Bob Cameron

No. 6
- Position: Punter

Personal information
- Born: July 18, 1954 (age 71) Ancaster, Ontario, Canada
- Listed height: 6 ft 0 in (1.83 m)
- Listed weight: 185 lb (84 kg)

Career information
- University: Acadia
- CFL draft: 1977: 1st round, 6th overall pick

Career history
- 1977–1979: Edmonton Eskimos*
- 1980–2002: Winnipeg Blue Bombers
- * Offseason and/or practice squad member only

Awards and highlights
- 3× Grey Cup champion (1984, 1988, 1990); Dick Suderman Trophy (1988); Manitoba's Male Athlete of the Year (1988); Hec Crighton Trophy (1976); 4× CFL All-Star (1988, 1989, 1990, 1993); 4× CFL East All-Star (1988, 1989, 1990, 1993); CFL West All-Star (1984); CFL record Most consecutive games played, regular season (353 games, 1980–2000);
- Canadian Football Hall of Fame (Class of 2010)

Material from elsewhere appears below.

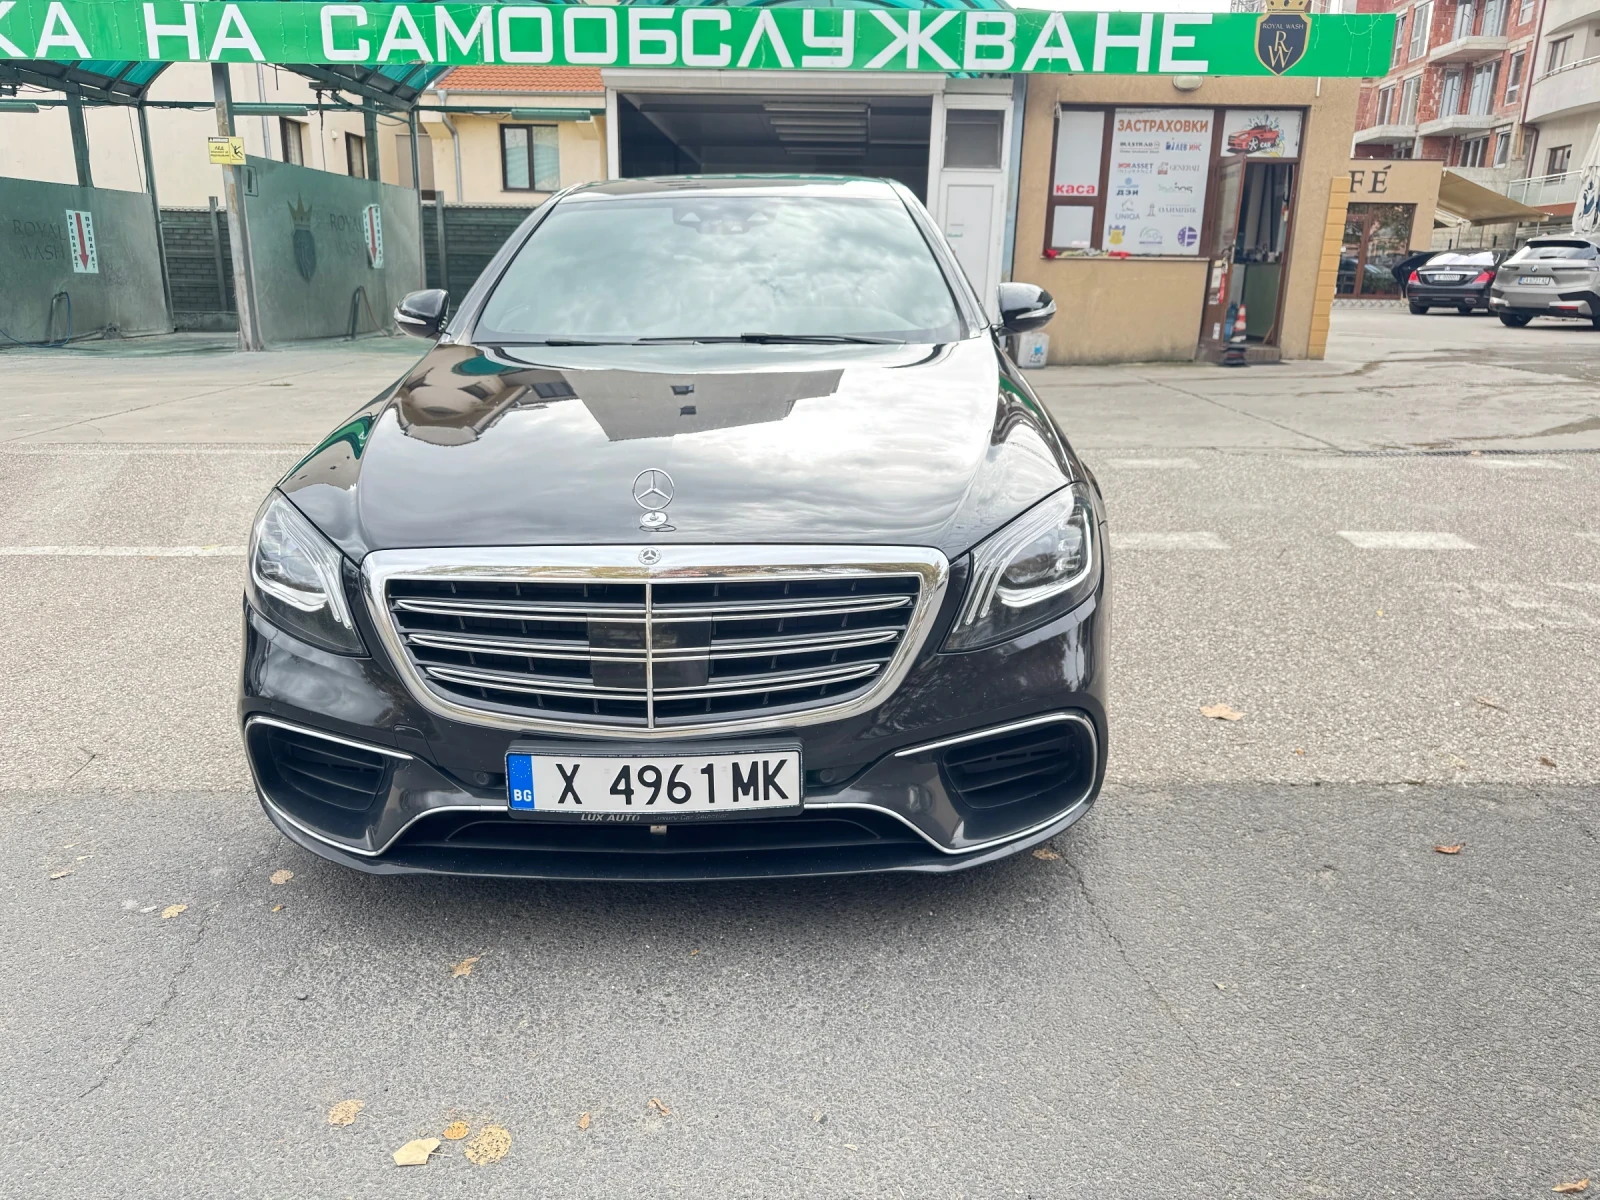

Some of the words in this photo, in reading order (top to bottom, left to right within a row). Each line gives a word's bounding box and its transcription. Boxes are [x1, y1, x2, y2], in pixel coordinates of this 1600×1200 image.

= Bob Cameron (Canadian football) =

Canadian football player

Robert Cameron (born July 18, 1954) is a Canadian former professional football player who played 23 seasons (1980–2002) with the Winnipeg Blue Bombers of the Canadian Football League (CFL).

Cameron was a quarterback at Acadia University. He won the Hec Crighton Trophy (most outstanding college football player in Canada). Cameron was drafted by the Edmonton Eskimos in the first round of the 1977 College Draft. He was converted to a punter with the Blue Bombers.

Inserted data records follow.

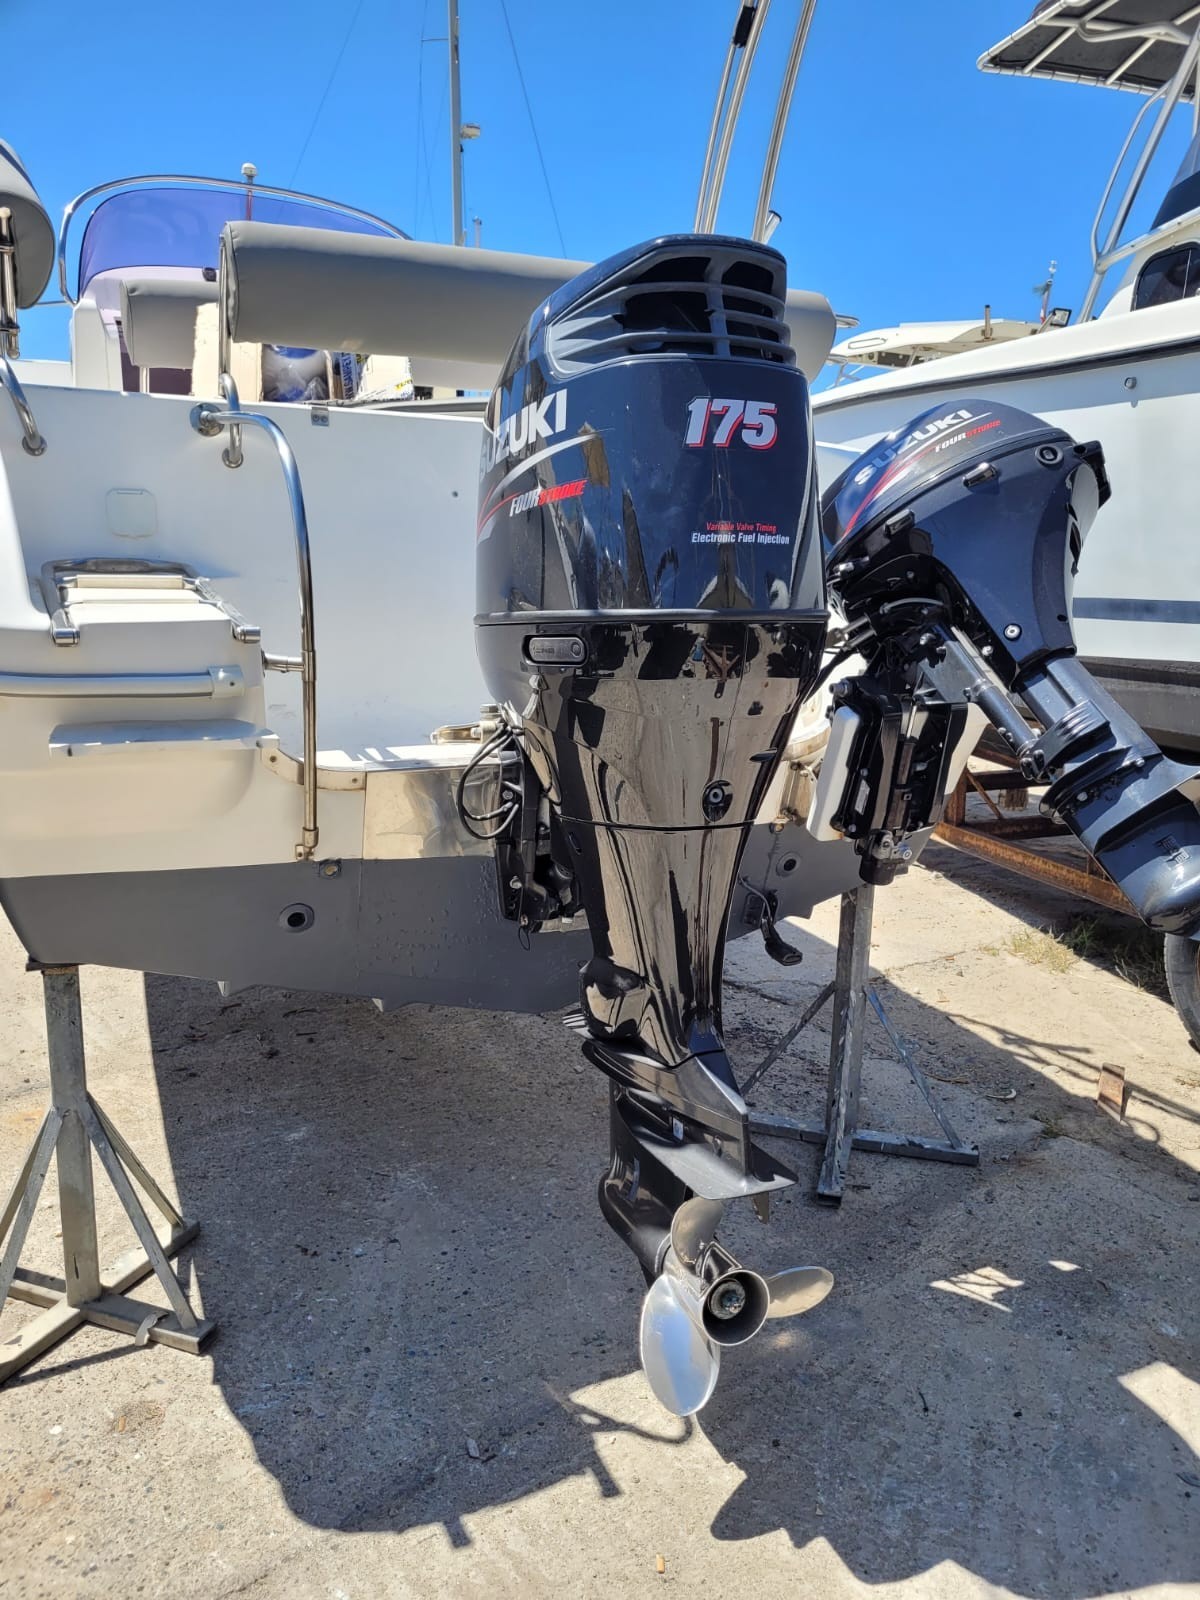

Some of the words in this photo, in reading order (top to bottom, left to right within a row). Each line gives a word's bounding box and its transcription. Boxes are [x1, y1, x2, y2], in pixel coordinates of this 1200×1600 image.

[685, 398, 778, 450] 175
[854, 409, 974, 485] SUZUKI
[691, 532, 736, 543] Electronic
[737, 532, 756, 543] Fuel
[757, 532, 790, 545] Injection
[706, 521, 735, 531] Variable
[736, 522, 754, 531] Valve
[755, 523, 777, 534] Timing

Bob Cameron remains the CFL's all-time leading punter with 134,301 regular season punting yards. He was a CFL all-star 4 times, a divisional all-star 6 times, and helped the Bombers to three Grey Cup victories. In the 1988 Grey Cup Cameron was named the game's Most Valuable Canadian for his effective punting in windy conditions. Cameron is also considered the CFL's "iron man" by setting the record for consecutive games played with 353 in a row. One game more than the NFL record of 352 held by Jeff Feagles. In 2005, he was named one of the Blue Bombers 20 All-Time Greats. He was elected into the Canadian Football Hall of Fame in 2010 and the Manitoba Sports Hall of Fame in 2011.

Cameron is the oldest player to play in a gridiron football game at 48 years and 122 days old when he played in his final game (his Bombers lost to the Edmonton Eskimos 30-33 in Edmonton) on November 17, 2002, breaking the record held by George Blanda by thirteen days.